8 Modification—application of FW Act in relation to transitional instruments
(1) Subsection 312(1) of the FW Act applies in relation to the transfer of business as if the following paragraph were added at the end:
; (d) a transitional instrument (other than a workplace agreement or a workplace determination that has not yet come into operation).
(2) Except as provided in subitems (3) to (5), Part 2-8 of the FW Act applies in relation to the transfer of business as if:
(a) a reference to an enterprise agreement included a reference to an agreement-based transitional instrument; and
[…] [My emphasis]
(3) Paragraph (2)(a) does not apply in relation to the reference to an enterprise agreement in paragraph 312(1)(a) of the FW Act.
[…]
[29] Pursuant to Item 8, Part 3 of Schedule 11 of the Transitional Act, theTransfield Agreement is also a transferable instrument for the purposes of s.312(1) of the Act.
[30] My view in this regard is buttressed by the Revised Explanatory Memorandum to the Transitional Act that states as follows:
“Item 8 – Modification – application of FW Act in relation to transitional instruments
515. This item modifies the application of Part 2-8 of the FW Act to make clear that the definition of transferable instrument in subsection 312(1) of the FW Act is extended to cover transitional instruments, other than workplace agreements and workplace determinations that have not yet come into operation. This means that where a transfer of business occurs and the old employer was covered by a transitional instrument in relation to a transferring employee, the transitional instrument covers the new employer and the transferring employee.”
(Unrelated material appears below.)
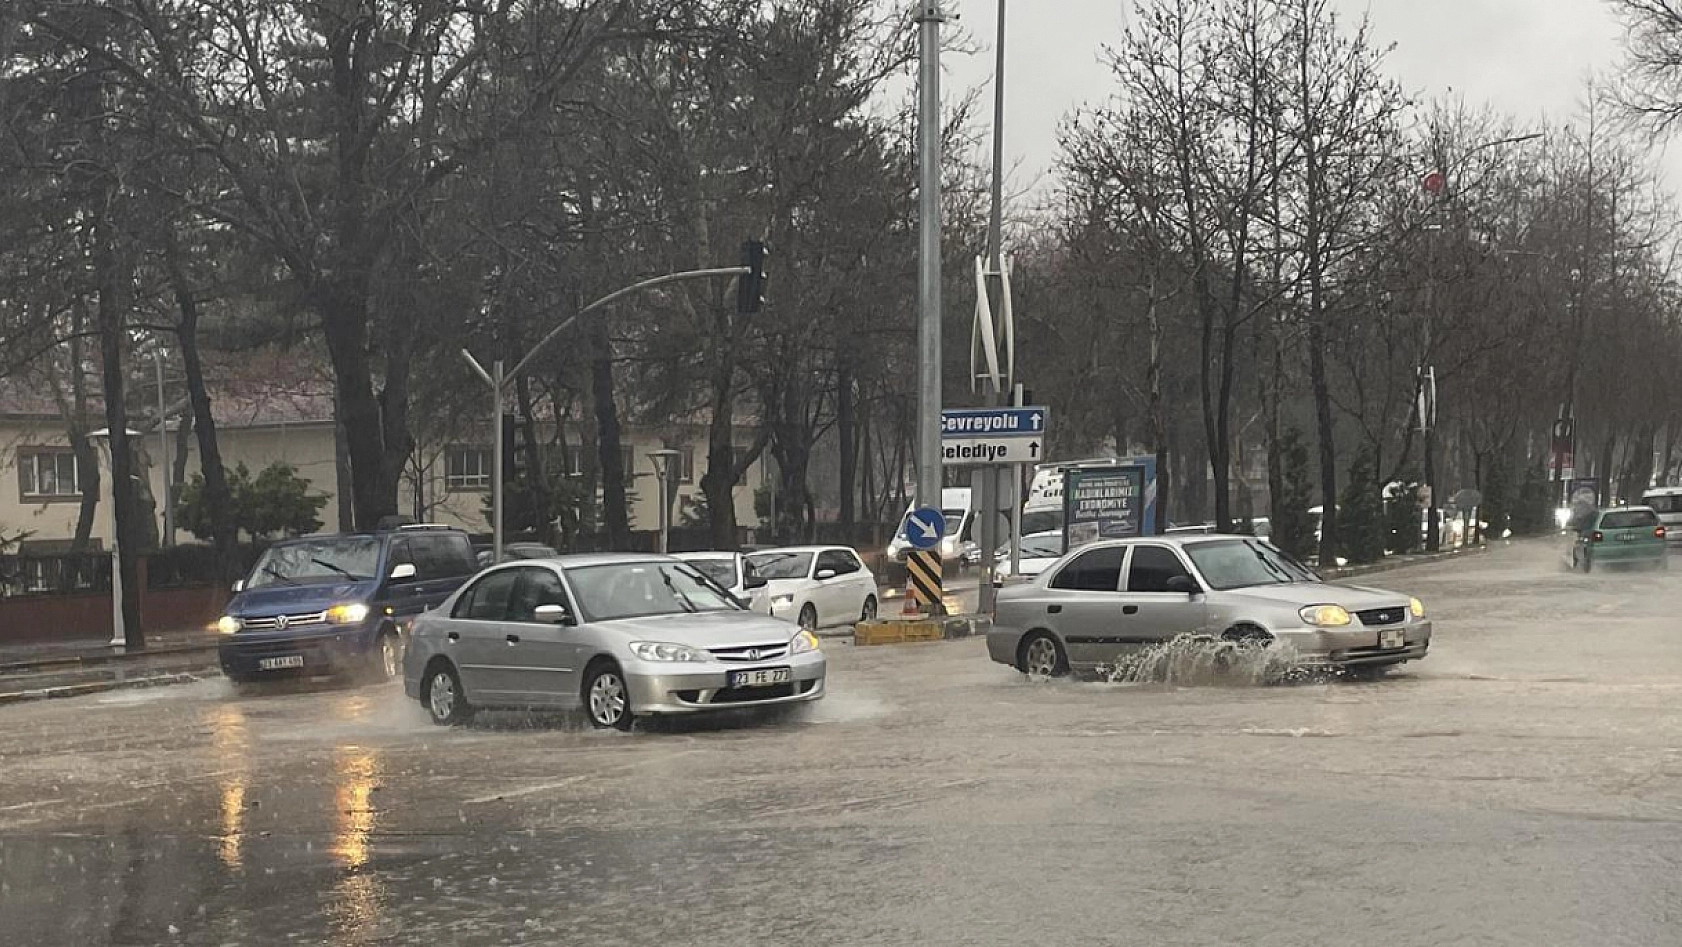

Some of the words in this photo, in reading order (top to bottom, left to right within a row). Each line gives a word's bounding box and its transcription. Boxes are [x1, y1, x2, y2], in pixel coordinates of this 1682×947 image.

[942, 442, 1007, 461] elediye
[736, 672, 748, 684] 23
[756, 671, 767, 682] FE
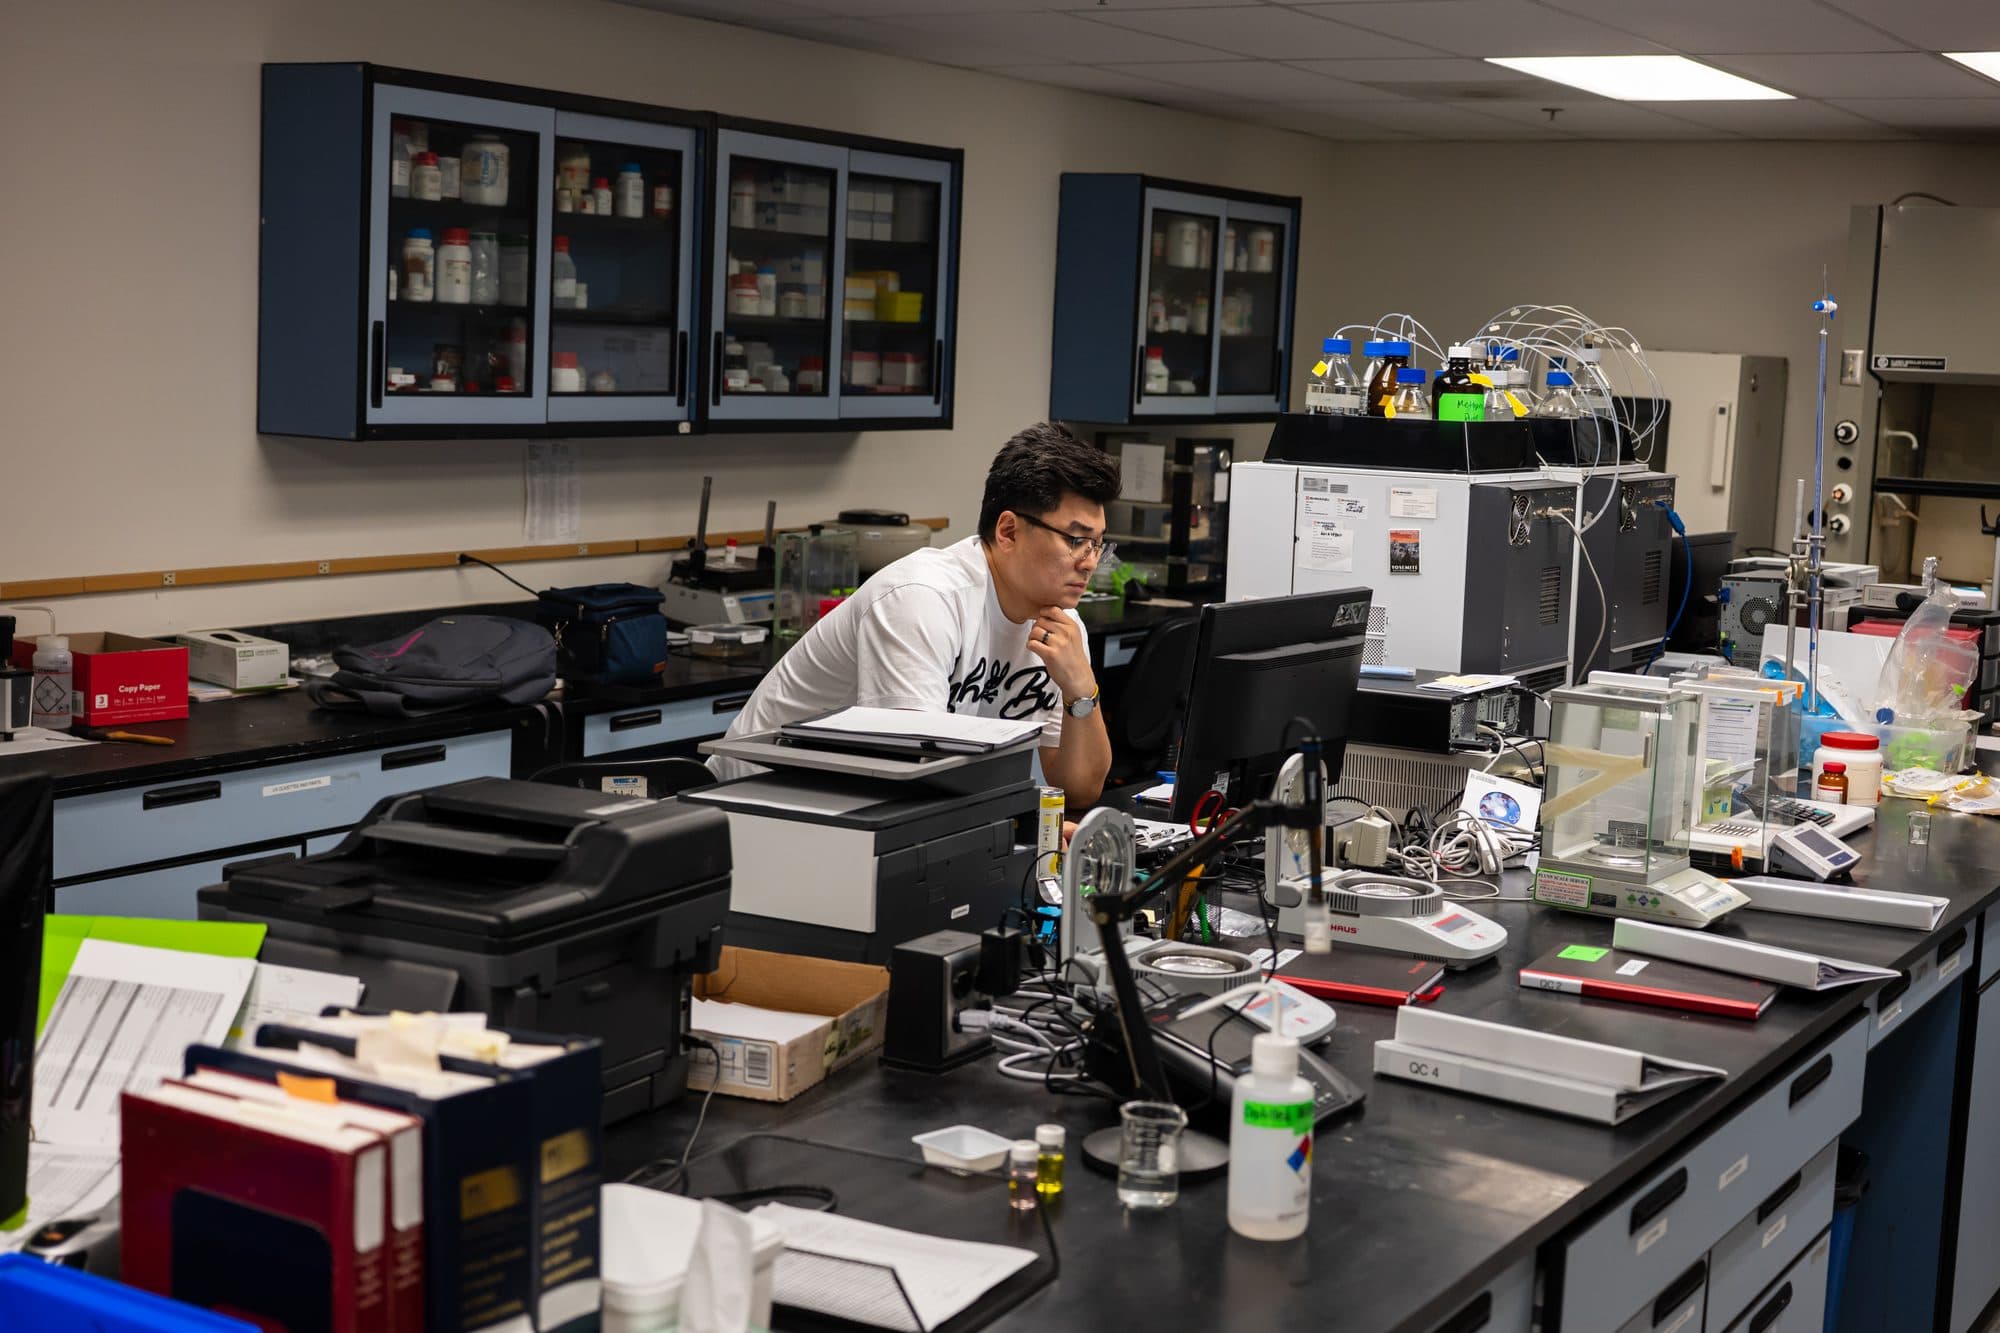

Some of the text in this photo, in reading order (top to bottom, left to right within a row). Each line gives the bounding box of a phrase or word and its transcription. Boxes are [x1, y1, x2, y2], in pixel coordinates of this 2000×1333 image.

[31] In ordinary circumstances (and but for this application), the transferable instrument should arguably apply to the (likely) new employer and (likely) transferring employees, for purposes of s.313 of the Act:
“313 Transferring employees and new employer covered by transferable instrument
(1) If a transferable instrument covered the old employer and a transferring employee immediately before the termination of the transferring employee’s employment with the old employer, then:
(a) the transferable instrument covers the new employer and the transferring employee in relation to the transferring work after the time (the transfer time) the transferring employee becomes employed by the new employer; and
(b) while the transferable instrument covers the new employer and the transferring employee in relation to the transferring work, no other enterprise agreement or named employer award that covers the new employer at the transfer time covers the transferring employee in relation to that work.
(2) To avoid doubt, a transferable instrument that covers the new employer and a transferring employee under paragraph (1)(a) includes any individual flexibility arrangement that had effect as a term of the transferable instrument immediately before the termination of the transferring employee’s employment with the old employer.”
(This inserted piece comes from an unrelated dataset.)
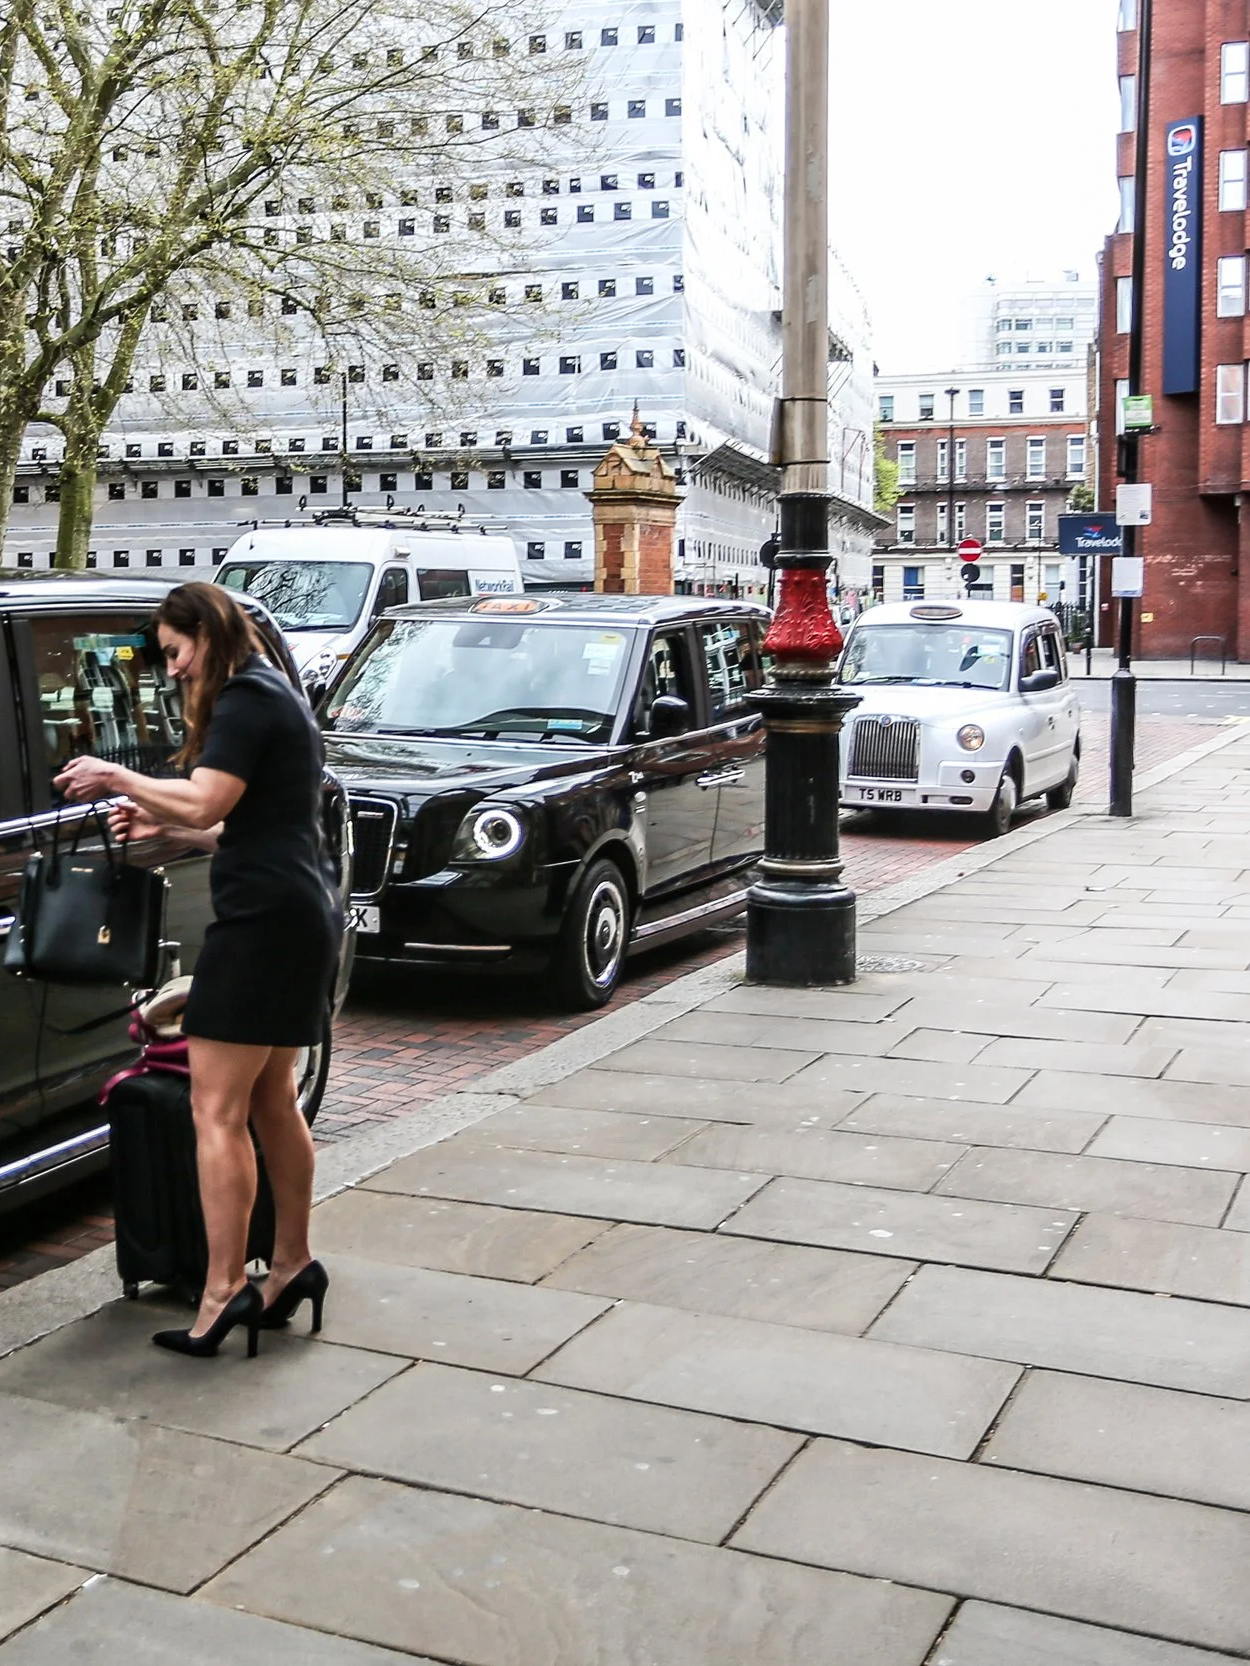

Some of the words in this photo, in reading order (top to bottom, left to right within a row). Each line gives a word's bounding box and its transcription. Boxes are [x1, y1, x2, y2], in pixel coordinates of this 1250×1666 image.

[1168, 155, 1193, 271] Travelodge
[480, 602, 531, 611] TAXI
[878, 789, 902, 802] WRB
[32] It is evident from the above discussion, however, that the transferable instrument, the Transfield Agreement, does not conform to the Applicant’s “one staff” policy objectives, which have informed the remuneration structure for the AWAs and the Yabulu Refinery Industrial Employee Collective Agreement 2008. It is for this reason that the Applicant now seeks an order that in the event of the business transfer, the Transfield Agreement will not cover any transferring employees.
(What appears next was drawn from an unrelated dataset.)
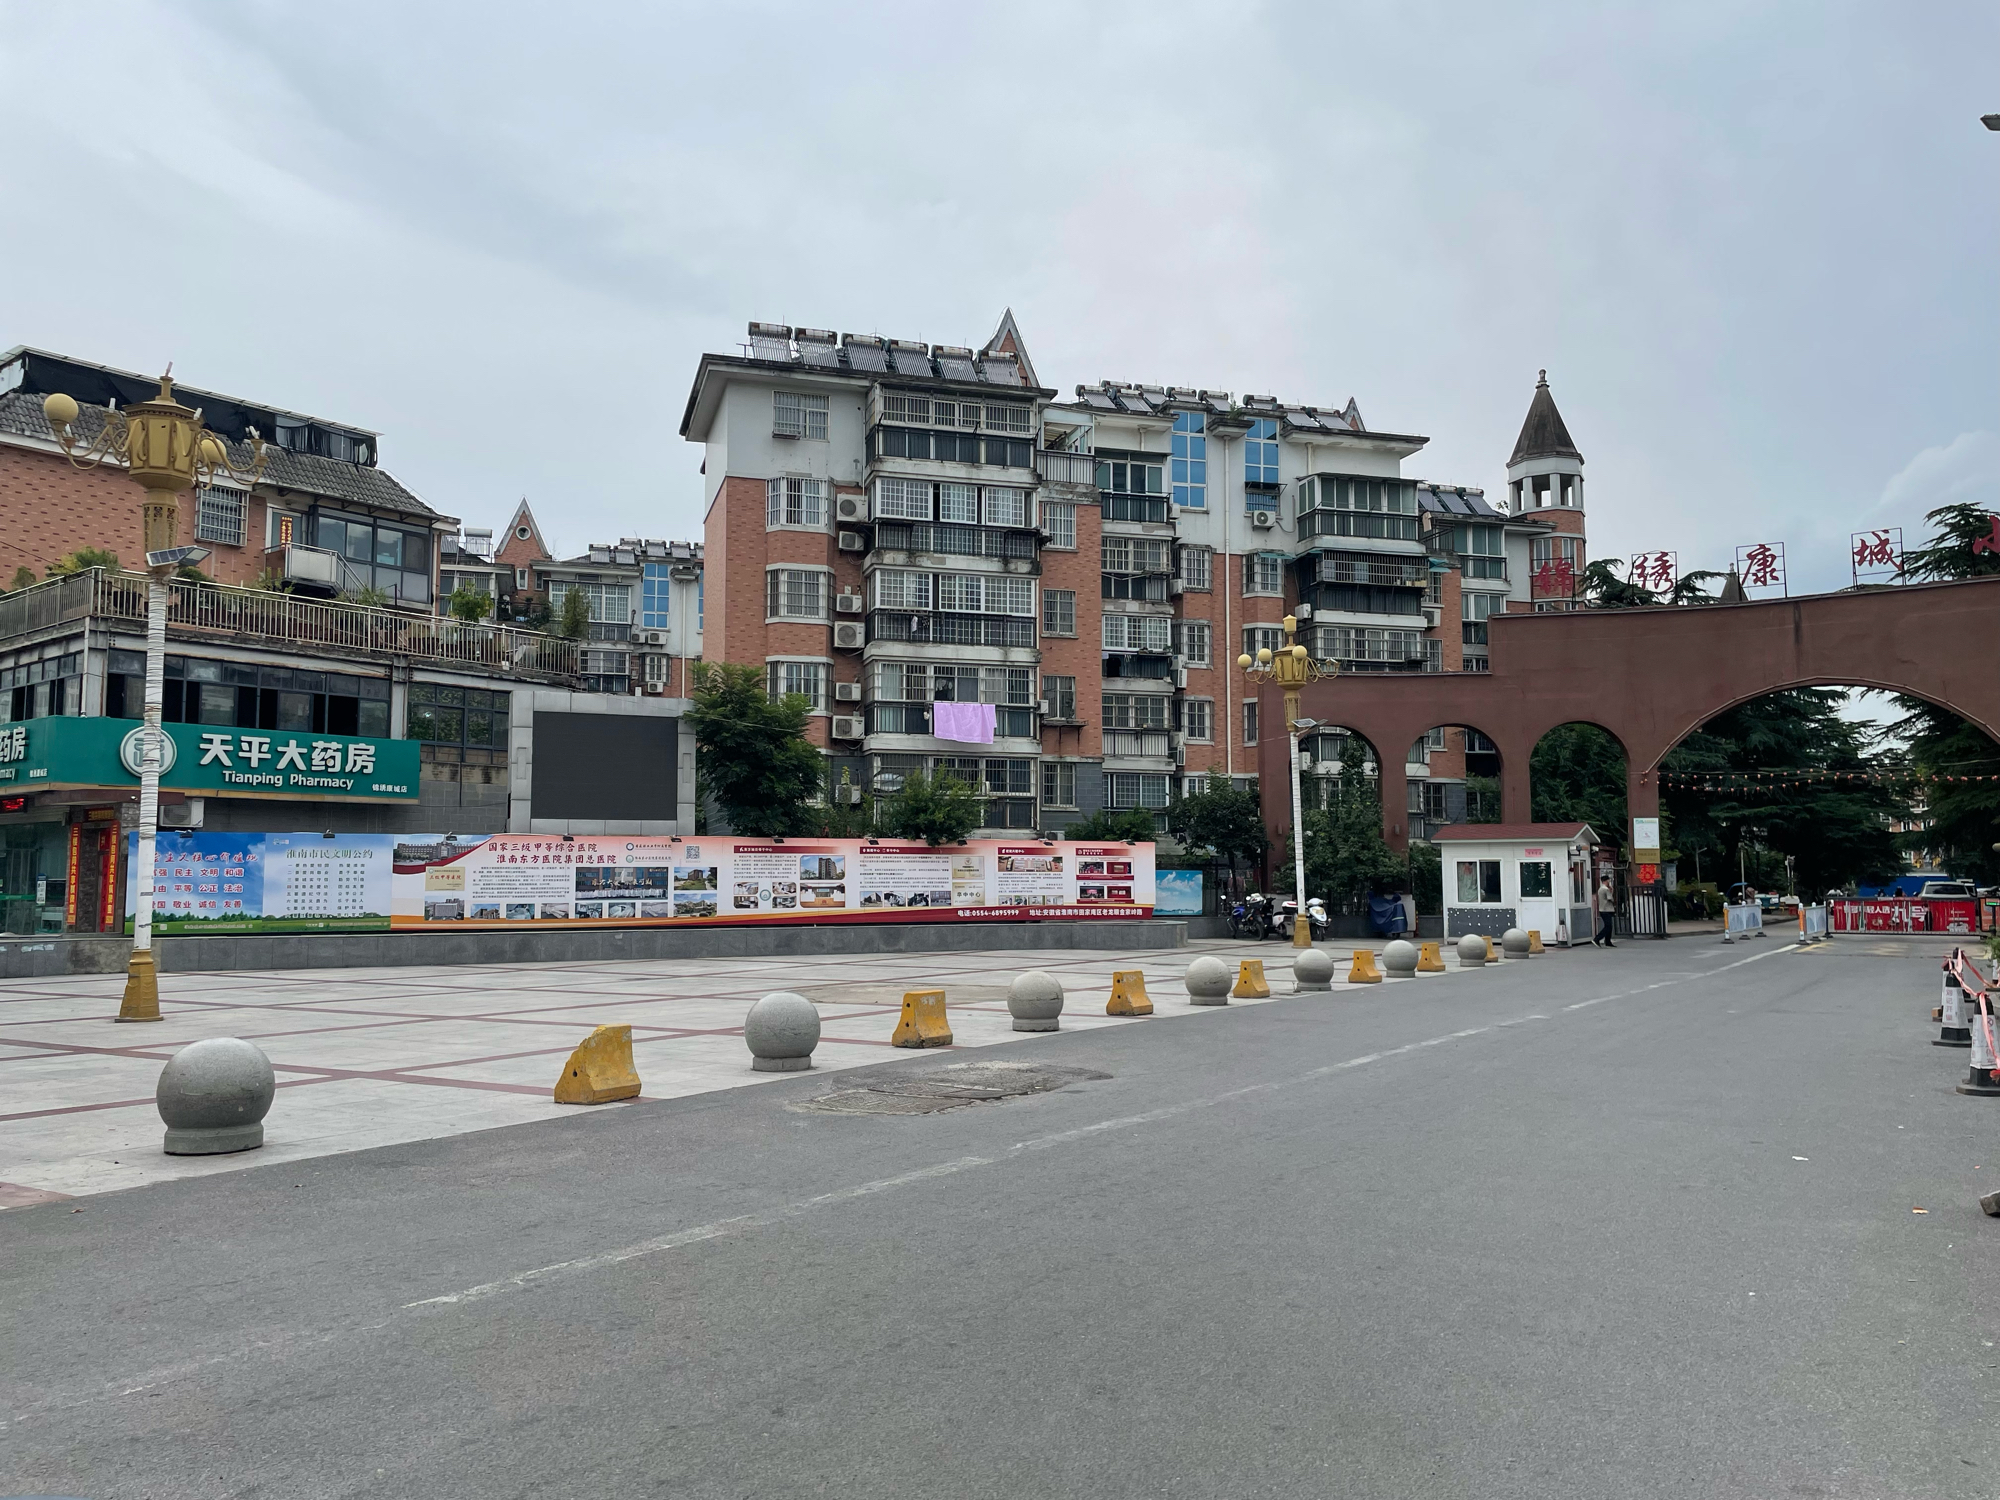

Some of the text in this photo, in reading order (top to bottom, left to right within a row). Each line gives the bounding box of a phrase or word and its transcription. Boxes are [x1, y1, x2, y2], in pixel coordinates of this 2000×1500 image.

[33] FWA is vested with a power to make such order.
[34] Despite section 313(1) and s.313(2) of the Act, s.313(3) of the Act reads as follows:
“(3) This section has effect subject to any FWA order under subsection 318(1).”
[35] A transferable instrument in a business transfer context as described above need not apply to the transferring employees, contingent upon the conditioned discretion of FWA under section 318(1) of the Act, which, for current purposes, relevantly reads:
“318 Orders relating to instruments covering new employer and transferring employees
Orders that FWA may make
(1) FWA may make the following orders:
(a) an order that a transferable instrument that would, or would be likely to, cover the new employer and a transferring employee because of paragraph 313(1)(a) does not, or will not, cover the new employer and the transferring employee;
(b) an order that an enterprise agreement or a named employer award that covers the new employer covers, or will cover, the transferring employee.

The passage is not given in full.